____ Source material
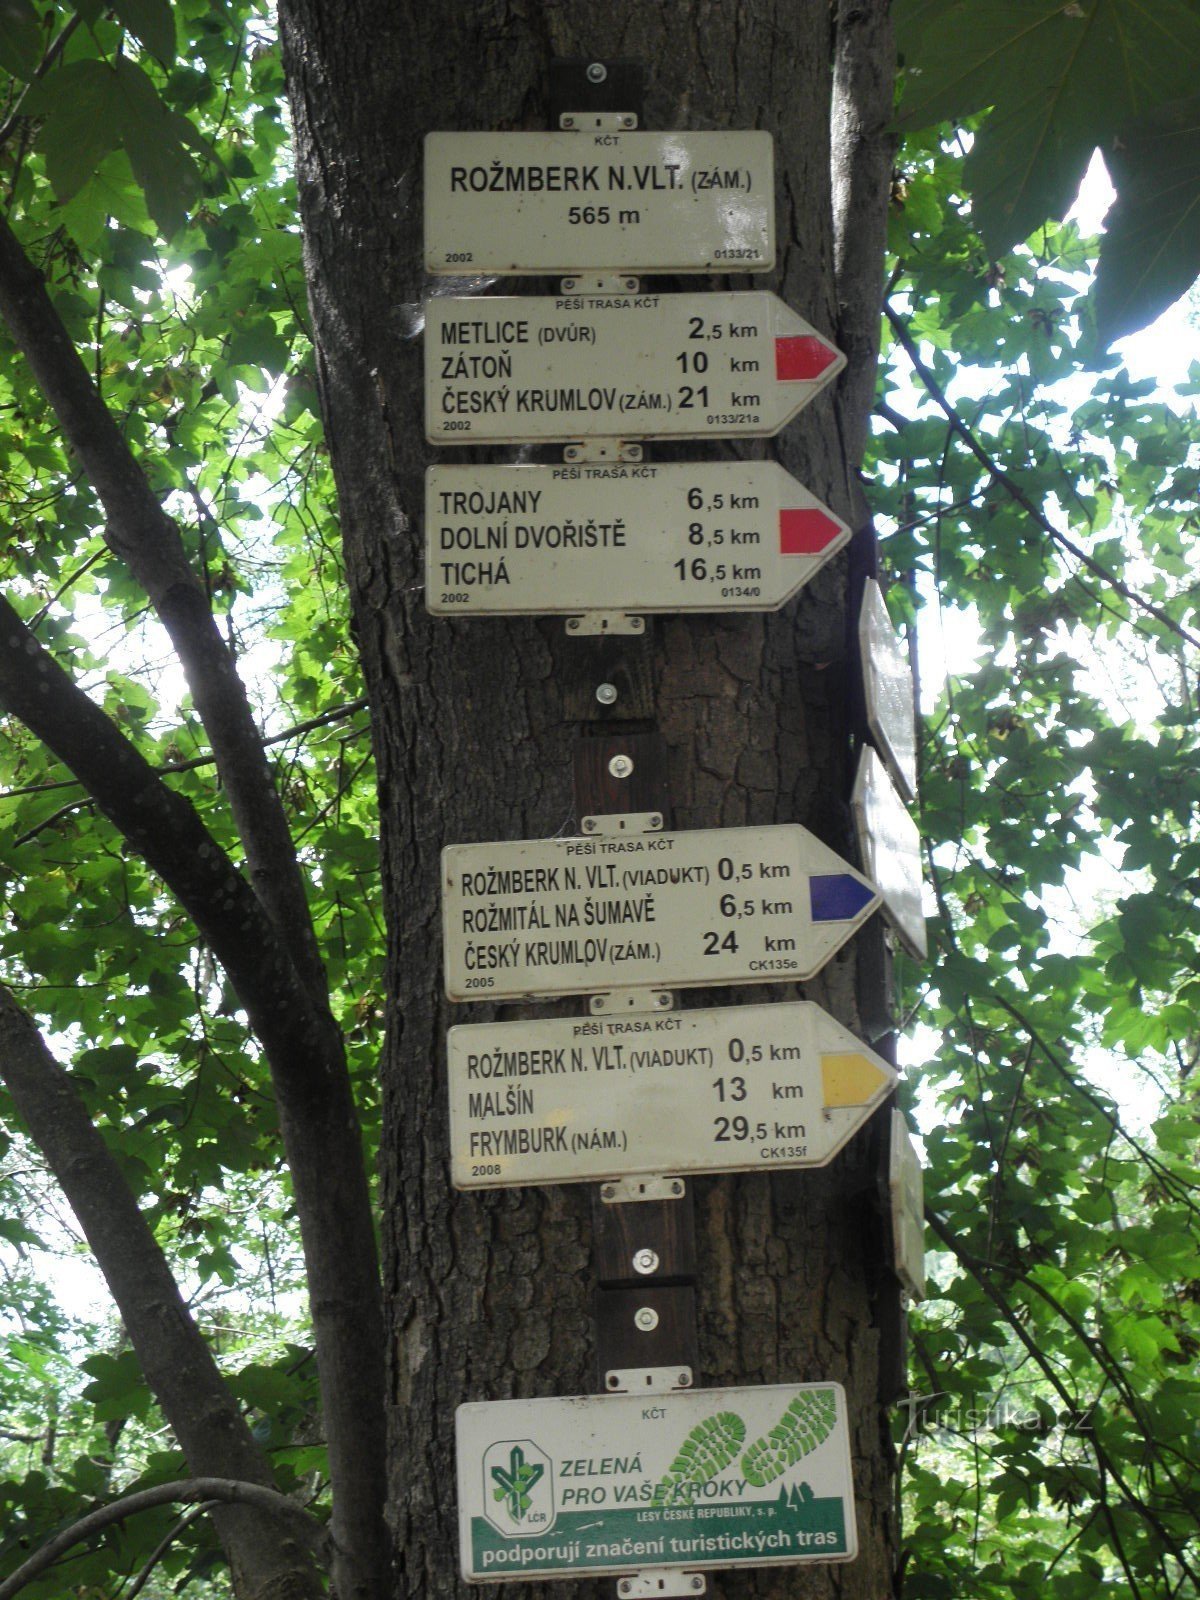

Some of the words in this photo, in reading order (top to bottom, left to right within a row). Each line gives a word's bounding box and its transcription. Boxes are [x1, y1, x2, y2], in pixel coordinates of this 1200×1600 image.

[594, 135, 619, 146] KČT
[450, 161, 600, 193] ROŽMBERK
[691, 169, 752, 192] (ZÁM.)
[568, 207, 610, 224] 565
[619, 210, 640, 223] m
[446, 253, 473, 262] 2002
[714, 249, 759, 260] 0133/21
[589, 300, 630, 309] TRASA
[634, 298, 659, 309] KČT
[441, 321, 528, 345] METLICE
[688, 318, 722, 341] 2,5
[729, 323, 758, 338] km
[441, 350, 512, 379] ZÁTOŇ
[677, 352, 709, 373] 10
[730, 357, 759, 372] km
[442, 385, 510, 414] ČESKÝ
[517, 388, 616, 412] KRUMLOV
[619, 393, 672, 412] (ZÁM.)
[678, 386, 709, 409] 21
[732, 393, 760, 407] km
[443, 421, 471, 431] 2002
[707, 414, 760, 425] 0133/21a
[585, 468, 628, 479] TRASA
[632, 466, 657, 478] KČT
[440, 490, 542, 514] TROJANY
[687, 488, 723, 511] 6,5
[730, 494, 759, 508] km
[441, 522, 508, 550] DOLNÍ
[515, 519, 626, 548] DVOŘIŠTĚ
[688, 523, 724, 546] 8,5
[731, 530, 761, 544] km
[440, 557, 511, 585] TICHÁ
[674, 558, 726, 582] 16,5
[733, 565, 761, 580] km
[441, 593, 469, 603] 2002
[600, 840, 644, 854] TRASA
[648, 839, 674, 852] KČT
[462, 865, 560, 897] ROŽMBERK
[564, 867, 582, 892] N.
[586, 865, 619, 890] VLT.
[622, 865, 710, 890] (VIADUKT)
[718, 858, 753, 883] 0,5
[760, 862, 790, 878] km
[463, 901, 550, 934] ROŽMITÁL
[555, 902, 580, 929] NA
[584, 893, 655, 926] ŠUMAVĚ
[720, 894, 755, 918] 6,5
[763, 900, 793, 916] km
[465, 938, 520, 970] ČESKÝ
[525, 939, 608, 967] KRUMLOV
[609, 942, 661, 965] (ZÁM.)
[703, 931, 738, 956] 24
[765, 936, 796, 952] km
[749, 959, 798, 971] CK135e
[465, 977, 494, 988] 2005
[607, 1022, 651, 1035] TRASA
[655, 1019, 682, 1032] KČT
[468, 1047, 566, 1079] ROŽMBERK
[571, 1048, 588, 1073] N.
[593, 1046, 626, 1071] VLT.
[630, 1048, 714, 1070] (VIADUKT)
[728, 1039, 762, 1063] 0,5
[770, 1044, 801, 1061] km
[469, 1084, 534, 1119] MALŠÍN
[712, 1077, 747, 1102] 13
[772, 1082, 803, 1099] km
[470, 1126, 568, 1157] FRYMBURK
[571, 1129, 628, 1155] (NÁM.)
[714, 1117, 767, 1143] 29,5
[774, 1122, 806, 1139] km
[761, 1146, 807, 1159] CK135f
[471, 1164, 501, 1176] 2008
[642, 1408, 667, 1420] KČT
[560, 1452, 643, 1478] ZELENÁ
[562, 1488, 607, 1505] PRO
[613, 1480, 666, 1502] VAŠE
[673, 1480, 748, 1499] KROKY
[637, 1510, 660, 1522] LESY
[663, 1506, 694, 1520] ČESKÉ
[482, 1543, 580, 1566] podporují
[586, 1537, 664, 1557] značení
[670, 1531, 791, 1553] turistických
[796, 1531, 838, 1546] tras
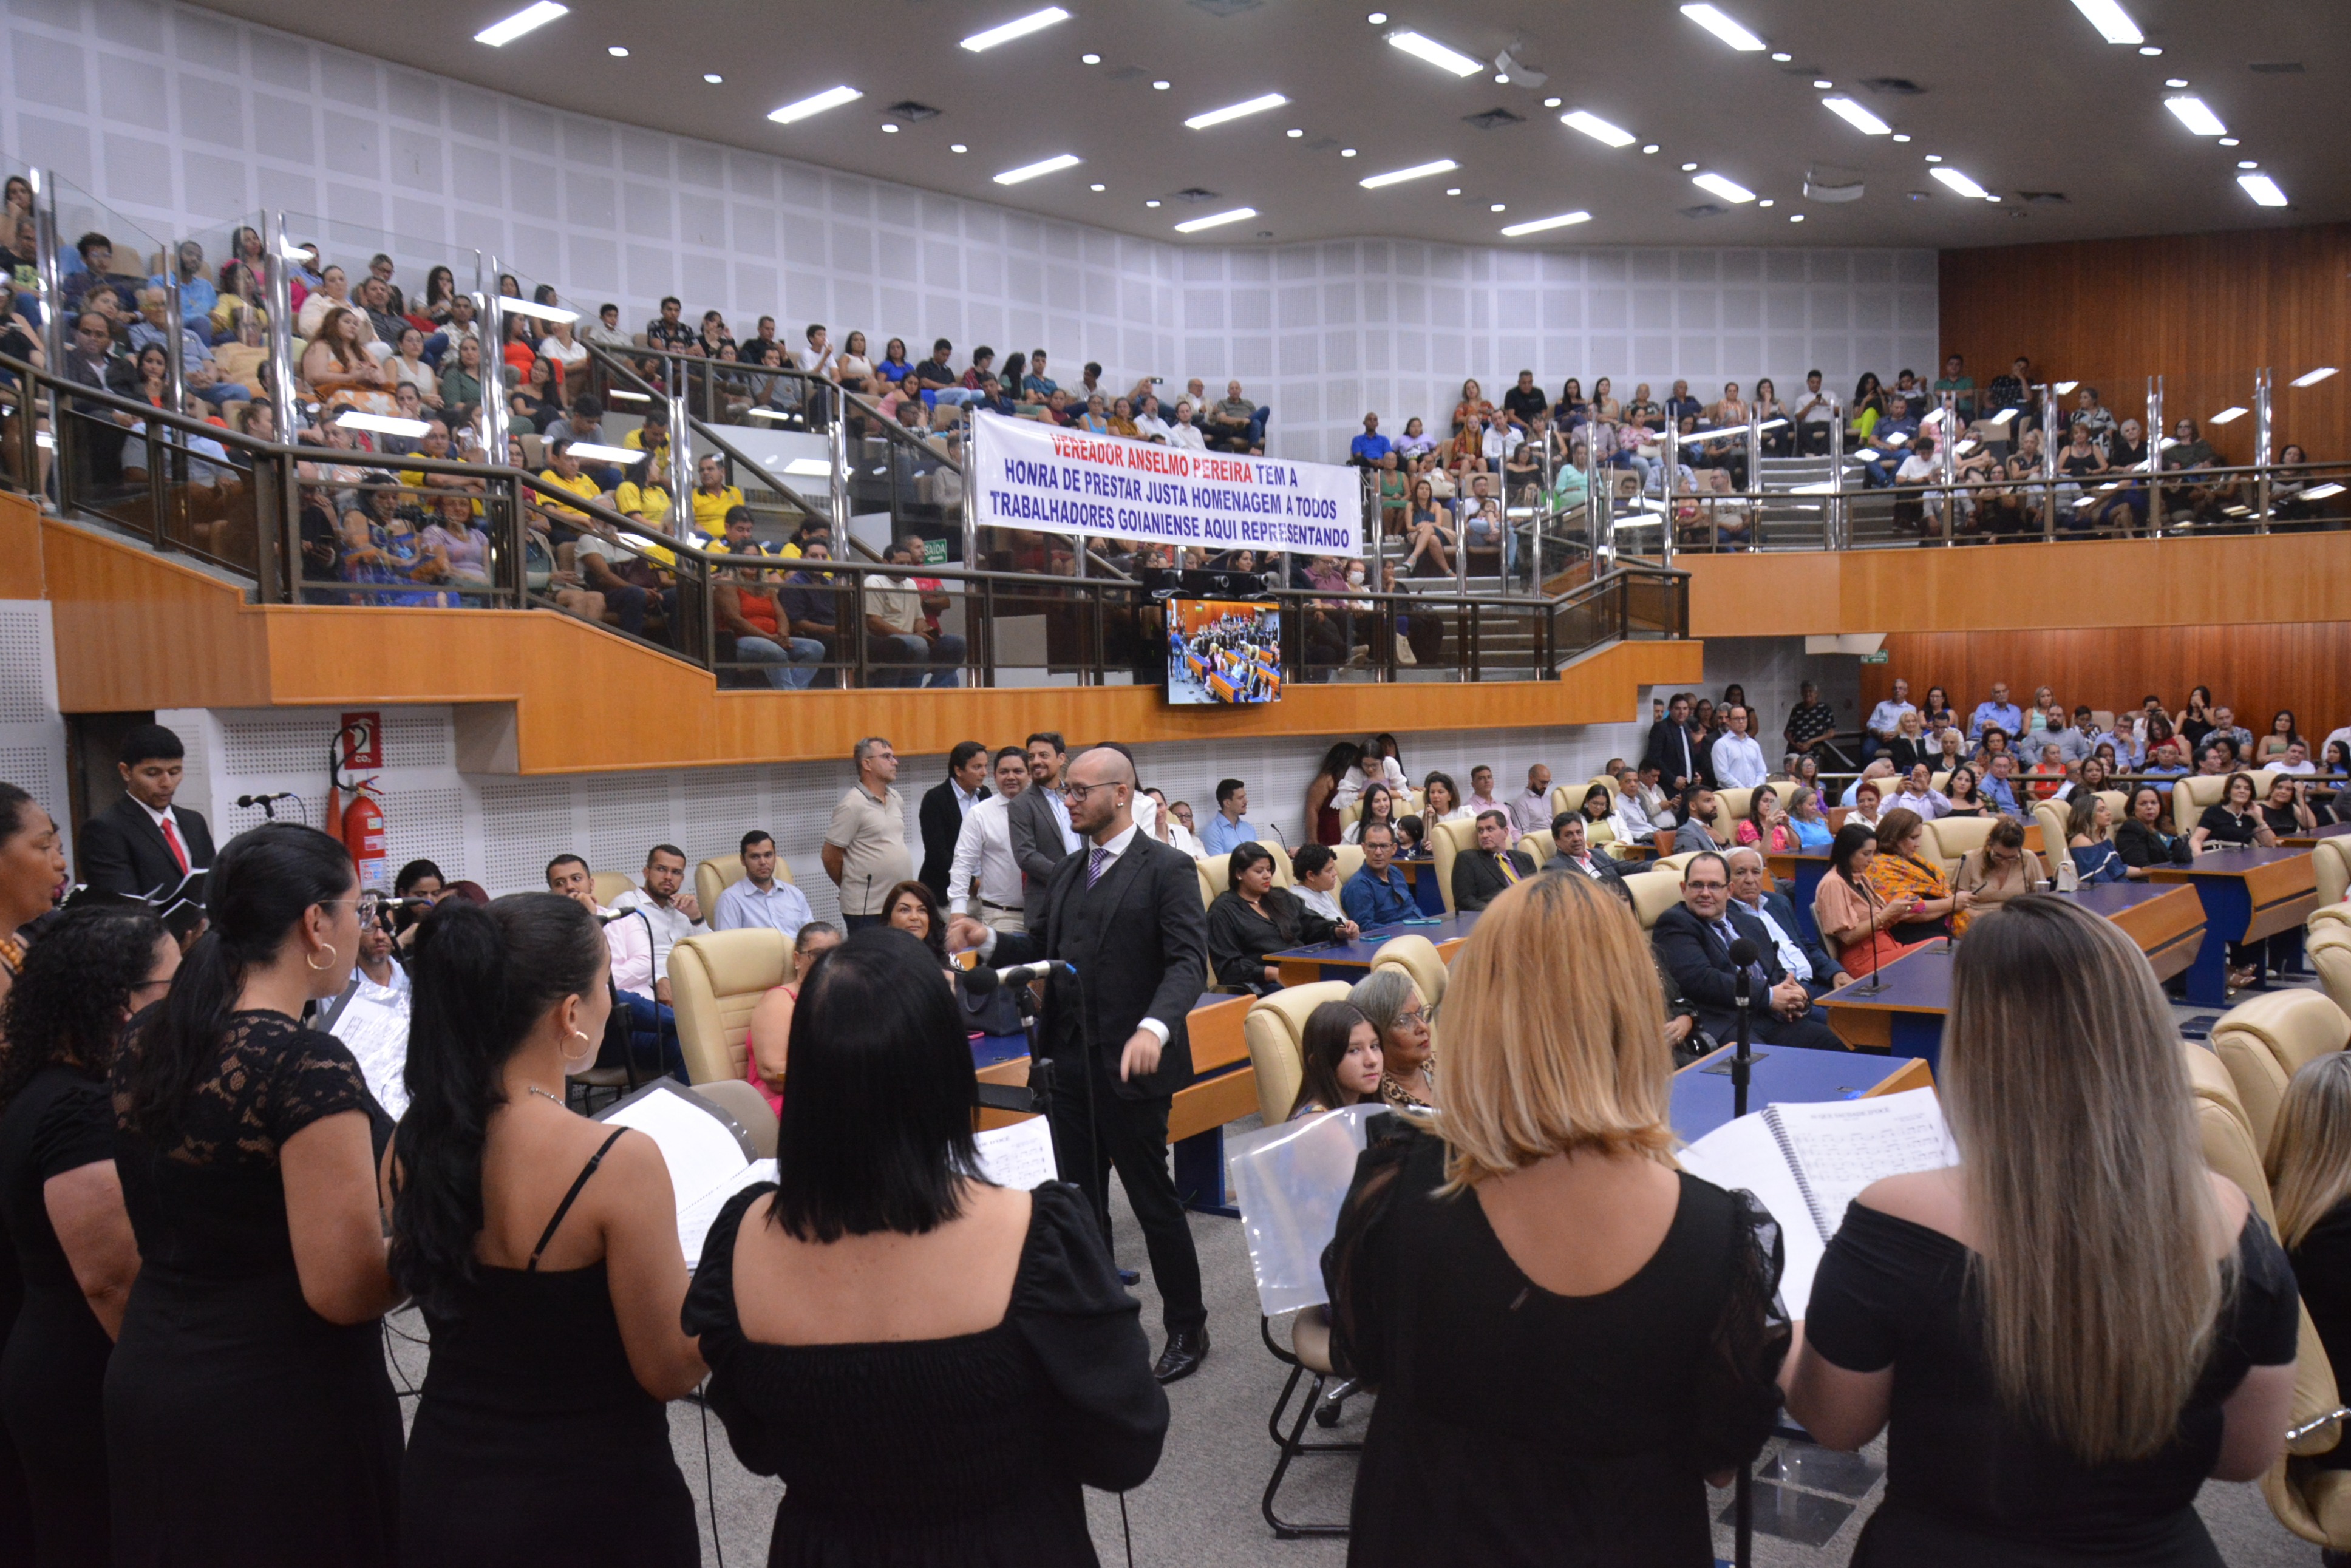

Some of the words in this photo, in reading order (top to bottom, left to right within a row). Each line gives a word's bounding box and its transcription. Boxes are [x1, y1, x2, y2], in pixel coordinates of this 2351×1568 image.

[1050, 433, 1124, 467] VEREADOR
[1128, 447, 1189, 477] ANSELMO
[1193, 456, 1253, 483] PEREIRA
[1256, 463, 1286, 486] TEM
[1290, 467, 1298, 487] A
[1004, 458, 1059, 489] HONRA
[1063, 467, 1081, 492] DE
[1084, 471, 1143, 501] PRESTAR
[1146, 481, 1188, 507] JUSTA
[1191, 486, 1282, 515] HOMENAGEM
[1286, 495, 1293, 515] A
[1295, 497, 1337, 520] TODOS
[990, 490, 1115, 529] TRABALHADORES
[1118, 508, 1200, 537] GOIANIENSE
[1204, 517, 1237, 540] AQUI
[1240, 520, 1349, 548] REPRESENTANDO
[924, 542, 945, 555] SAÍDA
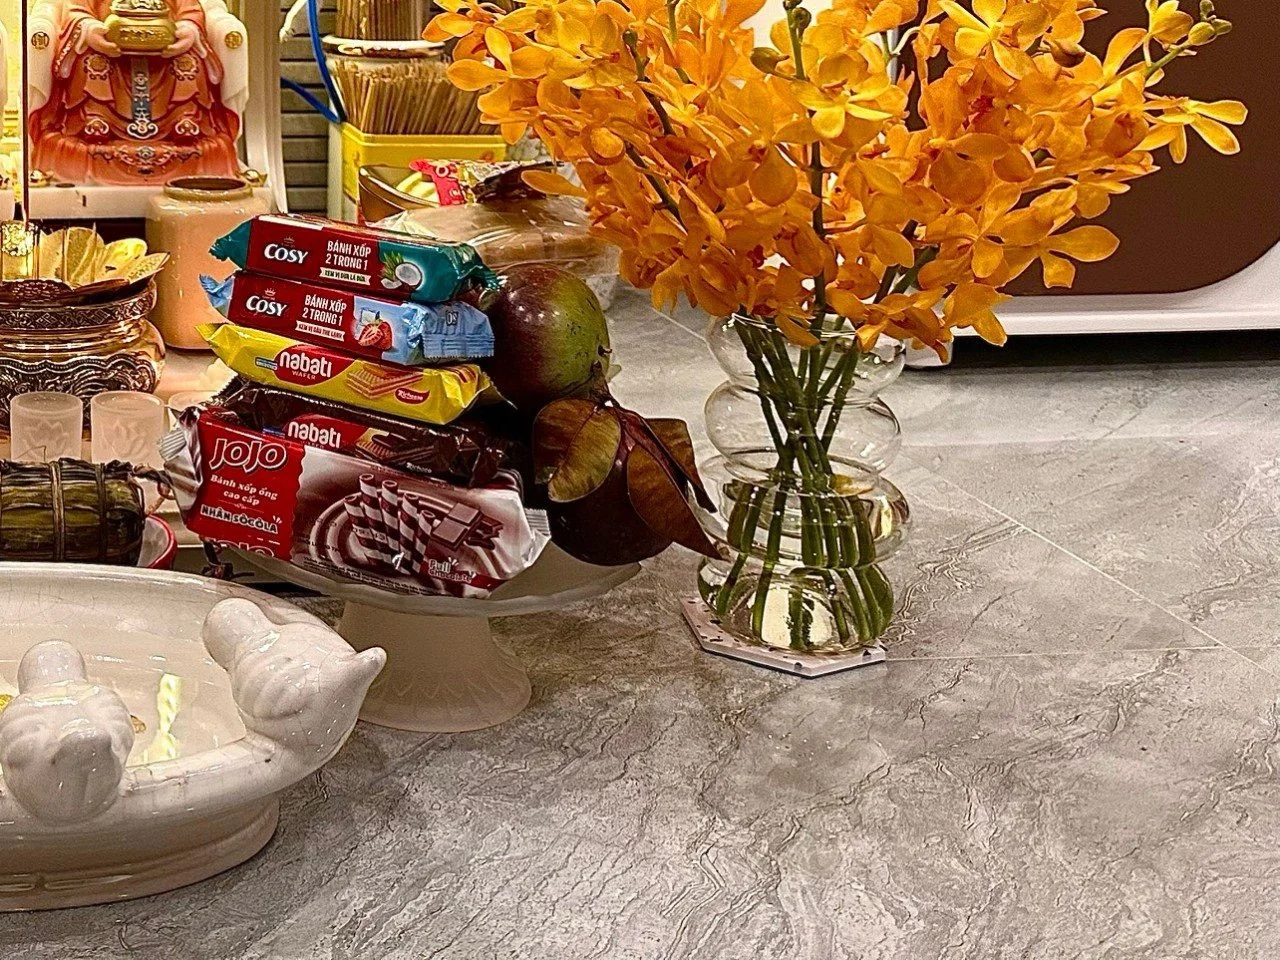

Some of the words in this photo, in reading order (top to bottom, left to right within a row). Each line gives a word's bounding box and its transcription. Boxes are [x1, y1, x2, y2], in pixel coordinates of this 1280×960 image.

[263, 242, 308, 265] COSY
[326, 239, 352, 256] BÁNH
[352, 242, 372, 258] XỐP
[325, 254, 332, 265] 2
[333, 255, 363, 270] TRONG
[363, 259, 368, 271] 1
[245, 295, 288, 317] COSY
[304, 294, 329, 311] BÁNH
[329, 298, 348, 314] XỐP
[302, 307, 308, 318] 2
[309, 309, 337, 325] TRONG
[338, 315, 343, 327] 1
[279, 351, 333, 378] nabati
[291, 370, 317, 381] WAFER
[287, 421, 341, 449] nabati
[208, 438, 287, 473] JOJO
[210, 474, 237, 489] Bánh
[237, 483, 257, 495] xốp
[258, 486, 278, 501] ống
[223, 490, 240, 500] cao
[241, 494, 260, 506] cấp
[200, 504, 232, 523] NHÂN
________
Aim of the exercise.
From the entries above, output every line exactly and omit any image.

Response for this exercise.
Some of the words in this photo, in reading order (top to bottom, left to right within a row). Each line gives a word's bounding box and its transcription. Boxes are [x1, y1, x2, y2], in pixel coordinates of this 1200×1600 image.

[594, 135, 619, 146] KČT
[450, 161, 600, 193] ROŽMBERK
[691, 169, 752, 192] (ZÁM.)
[568, 207, 610, 224] 565
[619, 210, 640, 223] m
[446, 253, 473, 262] 2002
[714, 249, 759, 260] 0133/21
[589, 300, 630, 309] TRASA
[634, 298, 659, 309] KČT
[441, 321, 528, 345] METLICE
[688, 318, 722, 341] 2,5
[729, 323, 758, 338] km
[441, 350, 512, 379] ZÁTOŇ
[677, 352, 709, 373] 10
[730, 357, 759, 372] km
[442, 385, 510, 414] ČESKÝ
[517, 388, 616, 412] KRUMLOV
[619, 393, 672, 412] (ZÁM.)
[678, 386, 709, 409] 21
[732, 393, 760, 407] km
[443, 421, 471, 431] 2002
[707, 414, 760, 425] 0133/21a
[585, 468, 628, 479] TRASA
[632, 466, 657, 478] KČT
[440, 490, 542, 514] TROJANY
[687, 488, 723, 511] 6,5
[730, 494, 759, 508] km
[441, 522, 508, 550] DOLNÍ
[515, 519, 626, 548] DVOŘIŠTĚ
[688, 523, 724, 546] 8,5
[731, 530, 761, 544] km
[440, 557, 511, 585] TICHÁ
[674, 558, 726, 582] 16,5
[733, 565, 761, 580] km
[441, 593, 469, 603] 2002
[600, 840, 644, 854] TRASA
[648, 839, 674, 852] KČT
[462, 865, 560, 897] ROŽMBERK
[564, 867, 582, 892] N.
[586, 865, 619, 890] VLT.
[622, 865, 710, 890] (VIADUKT)
[718, 858, 753, 883] 0,5
[760, 862, 790, 878] km
[463, 901, 550, 934] ROŽMITÁL
[555, 902, 580, 929] NA
[584, 893, 655, 926] ŠUMAVĚ
[720, 894, 755, 918] 6,5
[763, 900, 793, 916] km
[465, 938, 520, 970] ČESKÝ
[525, 939, 608, 967] KRUMLOV
[609, 942, 661, 965] (ZÁM.)
[703, 931, 738, 956] 24
[765, 936, 796, 952] km
[749, 959, 798, 971] CK135e
[465, 977, 494, 988] 2005
[607, 1022, 651, 1035] TRASA
[655, 1019, 682, 1032] KČT
[468, 1047, 566, 1079] ROŽMBERK
[571, 1048, 588, 1073] N.
[593, 1046, 626, 1071] VLT.
[630, 1048, 714, 1070] (VIADUKT)
[728, 1039, 762, 1063] 0,5
[770, 1044, 801, 1061] km
[469, 1084, 534, 1119] MALŠÍN
[712, 1077, 747, 1102] 13
[772, 1082, 803, 1099] km
[470, 1126, 568, 1157] FRYMBURK
[571, 1129, 628, 1155] (NÁM.)
[714, 1117, 767, 1143] 29,5
[774, 1122, 806, 1139] km
[761, 1146, 807, 1159] CK135f
[471, 1164, 501, 1176] 2008
[642, 1408, 667, 1420] KČT
[560, 1452, 643, 1478] ZELENÁ
[562, 1488, 607, 1505] PRO
[613, 1480, 666, 1502] VAŠE
[673, 1480, 748, 1499] KROKY
[637, 1510, 660, 1522] LESY
[663, 1506, 694, 1520] ČESKÉ
[482, 1543, 580, 1566] podporují
[586, 1537, 664, 1557] značení
[670, 1531, 791, 1553] turistických
[796, 1531, 838, 1546] tras

Some of the words in this photo, in reading order (top to bottom, left to right within a row). Each line gives a word's bounding box and its transcription. Boxes are [x1, y1, x2, y2], in pixel coordinates of this 2351×1568 image.

[1050, 433, 1124, 467] VEREADOR
[1128, 447, 1189, 477] ANSELMO
[1193, 456, 1253, 483] PEREIRA
[1256, 463, 1286, 486] TEM
[1290, 467, 1298, 487] A
[1004, 458, 1059, 489] HONRA
[1063, 467, 1081, 492] DE
[1084, 471, 1143, 501] PRESTAR
[1146, 481, 1188, 507] JUSTA
[1191, 486, 1282, 515] HOMENAGEM
[1286, 495, 1293, 515] A
[1295, 497, 1337, 520] TODOS
[990, 490, 1115, 529] TRABALHADORES
[1118, 508, 1200, 537] GOIANIENSE
[1204, 517, 1237, 540] AQUI
[1240, 520, 1349, 548] REPRESENTANDO
[924, 542, 945, 555] SAÍDA

Some of the words in this photo, in reading order (top to bottom, left to right within a row). Each line gives a word's bounding box and its transcription. Boxes are [x1, y1, x2, y2], in pixel coordinates of this 1280×960 image.

[263, 242, 308, 265] COSY
[326, 239, 352, 256] BÁNH
[352, 242, 372, 258] XỐP
[325, 254, 332, 265] 2
[333, 255, 363, 270] TRONG
[363, 259, 368, 271] 1
[245, 295, 288, 317] COSY
[304, 294, 329, 311] BÁNH
[329, 298, 348, 314] XỐP
[302, 307, 308, 318] 2
[309, 309, 337, 325] TRONG
[338, 315, 343, 327] 1
[279, 351, 333, 378] nabati
[291, 370, 317, 381] WAFER
[287, 421, 341, 449] nabati
[208, 438, 287, 473] JOJO
[210, 474, 237, 489] Bánh
[237, 483, 257, 495] xốp
[258, 486, 278, 501] ống
[223, 490, 240, 500] cao
[241, 494, 260, 506] cấp
[200, 504, 232, 523] NHÂN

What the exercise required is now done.